WHAT YOU WILL DO
What follows is a set of records; give them all back exactly.

[RECORDS Boundary: Start]

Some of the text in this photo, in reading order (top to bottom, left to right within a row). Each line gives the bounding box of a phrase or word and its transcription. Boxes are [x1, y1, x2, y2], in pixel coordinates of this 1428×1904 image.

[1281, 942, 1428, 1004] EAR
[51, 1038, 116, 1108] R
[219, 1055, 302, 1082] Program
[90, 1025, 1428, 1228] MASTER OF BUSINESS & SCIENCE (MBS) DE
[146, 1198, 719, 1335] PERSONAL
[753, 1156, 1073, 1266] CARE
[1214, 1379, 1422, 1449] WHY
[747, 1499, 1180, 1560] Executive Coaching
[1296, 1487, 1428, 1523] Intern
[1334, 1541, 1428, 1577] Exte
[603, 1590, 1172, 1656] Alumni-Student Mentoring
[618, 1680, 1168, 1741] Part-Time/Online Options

[RECORDS Boundary: End]

WRITTEN SOLUTION
Some of the text in this photo, in reading order (top to bottom, left to right within a row). Each line gives the bounding box of a phrase or word and its transcription. Boxes are [x1, y1, x2, y2], in pixel coordinates of this 1428×1904 image.

[1281, 942, 1428, 1004] EAR
[51, 1038, 116, 1108] R
[219, 1055, 302, 1082] Program
[90, 1025, 1428, 1228] MASTER OF BUSINESS & SCIENCE (MBS) DE
[146, 1198, 719, 1335] PERSONAL
[753, 1156, 1073, 1266] CARE
[1214, 1379, 1422, 1449] WHY
[747, 1499, 1180, 1560] Executive Coaching
[1296, 1487, 1428, 1523] Intern
[1334, 1541, 1428, 1577] Exte
[603, 1590, 1172, 1656] Alumni-Student Mentoring
[618, 1680, 1168, 1741] Part-Time/Online Options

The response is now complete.